Other than Carter and Cleveland, the only constant on the album was Walker of East Nash Grass on banjo for all the tracks but the McCoury’s song, on which Rob McCoury played banjo. Initially, one of the biggest challenges—a blessing in disguise—was having too many songs from which to choose. From the beginning they had decided they wanted it to be a fiddle album, but they wanted singing as well. Cleveland noted that even on his instrumental albums, he has included vocals. When they reached out to songwriters they admired, the response was amazing. Tim O’Brien sent another song in addition to “Give It Away,” which they felt was “just as good.” Terry Herd sent “Outrun the Rain,” which went on to be one of the singles released in advance.
“Most of the time,” Cleveland said, “we’re listening to song after song after song, hoping to find something, but all of a sudden, we had all these great songs.”

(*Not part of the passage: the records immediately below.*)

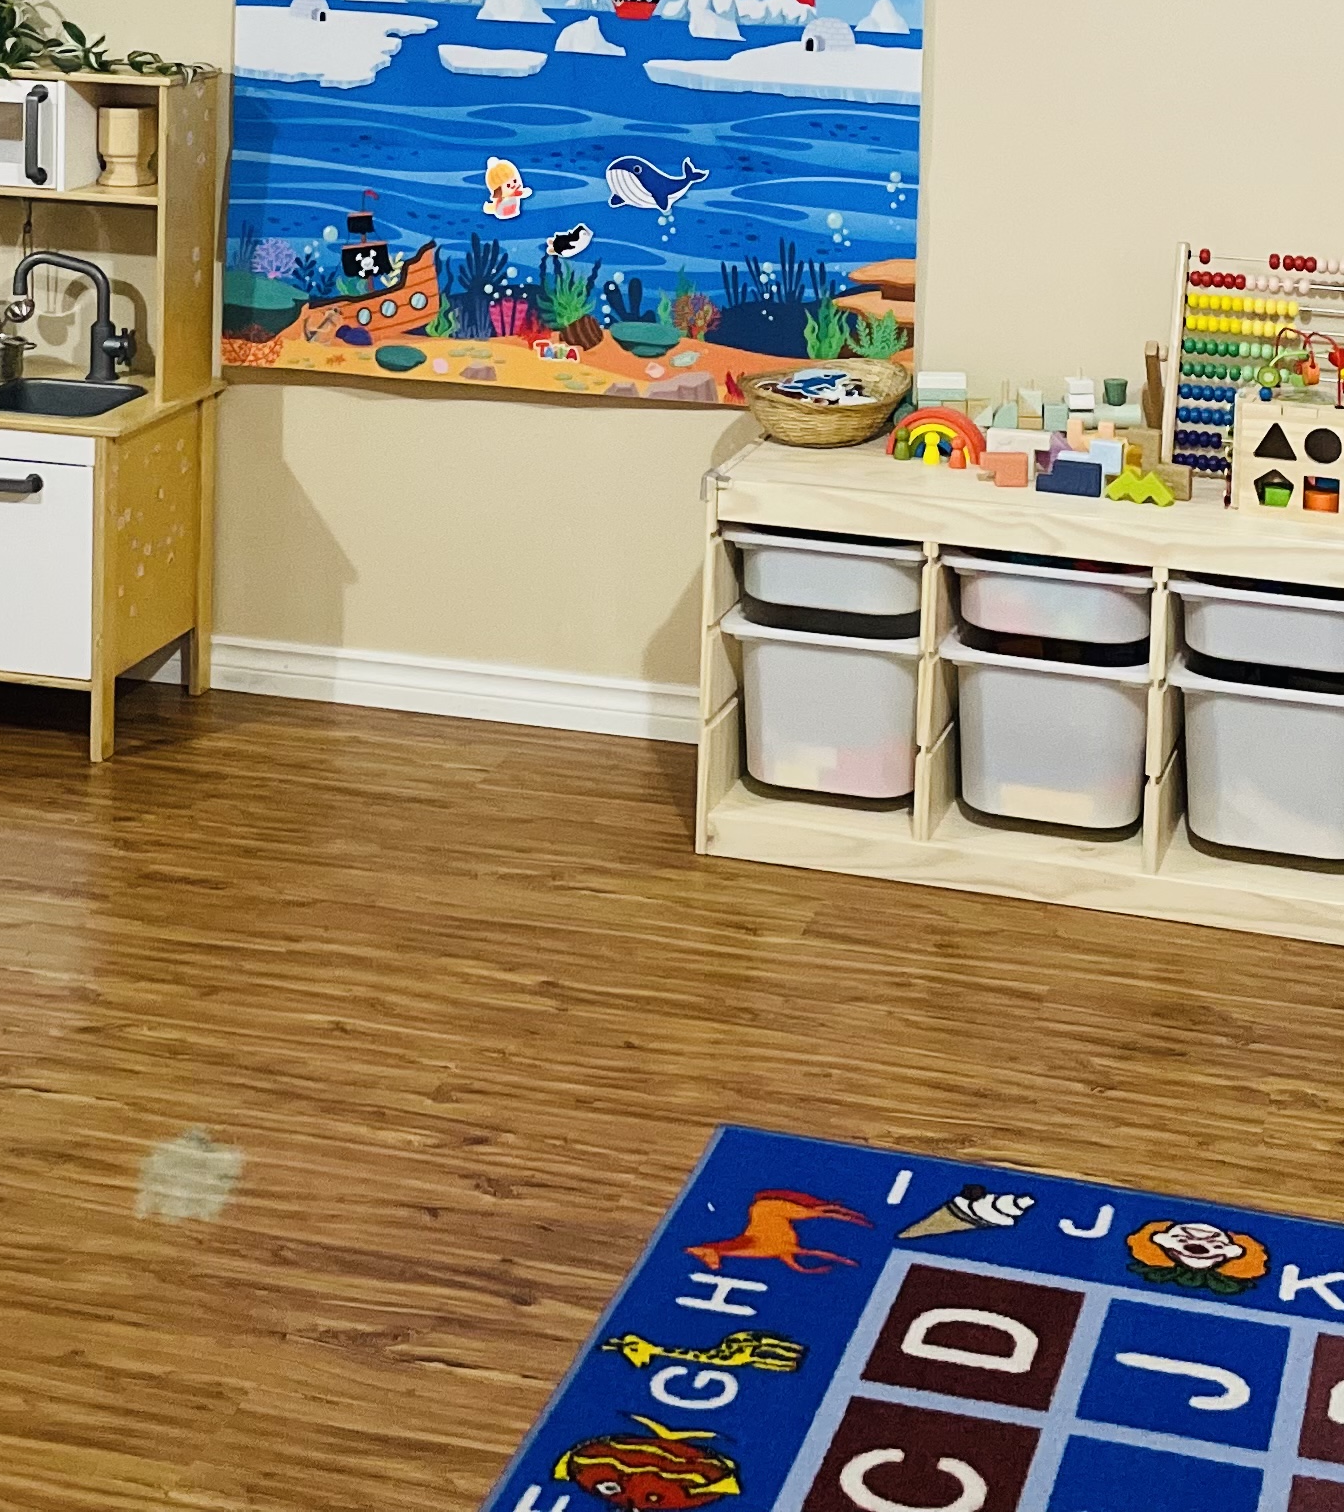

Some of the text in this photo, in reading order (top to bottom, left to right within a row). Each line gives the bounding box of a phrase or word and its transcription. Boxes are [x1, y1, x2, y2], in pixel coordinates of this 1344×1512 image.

[1058, 1204, 1115, 1239] J
[675, 1272, 768, 1317] H
[900, 1307, 1040, 1374] D
[1114, 1351, 1251, 1411] J
[650, 1365, 739, 1410] G
[839, 1447, 988, 1512] C

In addition to bringing in guest instrumentalists, they invited Vince Gill and Jaelee Roberts to sing on “Outrun the Rain.” Jason said, “It was Mike’s idea to have the high baritone, the two over lead stack on the harmonies on that song. We had Vince, and we were trying to figure out who to get to sing. We both like Jaelee’s singing. She came into the studio and just knocked it out of the park.”
For fans who know of Carter only as a fiddler, the album gave him a chance to showcase his strong lead vocal skills. “I’ve sung all my life,” he said. “When I was younger, I sang and played guitar in a band with my dad. Then when I got with Del, my role was to play fiddle, so I gave that up for the longest time.” He added, “I have to give credit to Mike; he started giving me the confidence because he would hire me to sing on his records from time to time. A couple of different times I got to sing lead on his records. When other people heard that, I got to do a couple of other projects.”
He also said that during the pandemic, as he was hanging out with Bronwyn, they would jam every day. “That’s what we did and still do,” he said. “I had songs I had written down for years—a lot of them—and we would sit and jam, and I would sing them.”
Despite the large cast of performers, the pair insists they still consider this a twin fiddle album. They pointed out that while there is a lot of singing on it, and they wanted it to be that way, in all the songs, whether instrumental or vocals, twin fiddles are represented.
Carter and Cleveland—or as Mike suggested, Cleveland and Carter—debuted songs from the album at Nashville’s historic Station Inn on Thursday, February 20, opening with “Give it Away.” Cleveland addressed the sold-out crowd by saying, “We made a record,” before introducing Carter and the stage band: Cody Looper on the banjo, Chris Henry on mandolin, Frank Rische on guitar, before Jason introduced Michael as “the greatest fiddler in the universe.”
The duo mixed in songs from their earlier projects and from their musical heroes with tracks from the new album. They also played “Arapahoe” written by David Grier, whose son Nash, a tiny fiddler in the audience, identified the key of the song, A minor, when asked. Michael quipped, “They get younger and better—it’s so annoying. They sang another Grier-penned song “Paper Angel” from his second solo album Lowdown Hoedown. Jaelee Roberts joined them in the second set for harmony on “Outrun the Rain.”
The pair’s genuine mutual admiration and joy were apparent and contagious throughout the night. After playing and singing Waylon Jennings’ “Lonesome, Ornery, and Mean,” Carter nodded at Cleveland and commented, “It’s hard to sing when you have your favorite fiddle man beside you burning it up.” Then Cleveland added, “Everybody’s figured out what a great singer Jason Carter is,” suggesting he should win male vocalist and fiddle player of the year.
As they closed the evening playing the rousing “With a Vamp in the Middle,” they left bluegrass fans hoping Carter and Cleveland might be followed by a sequel—Cleveland and Carter perhaps—to fan the twin-fiddle flame.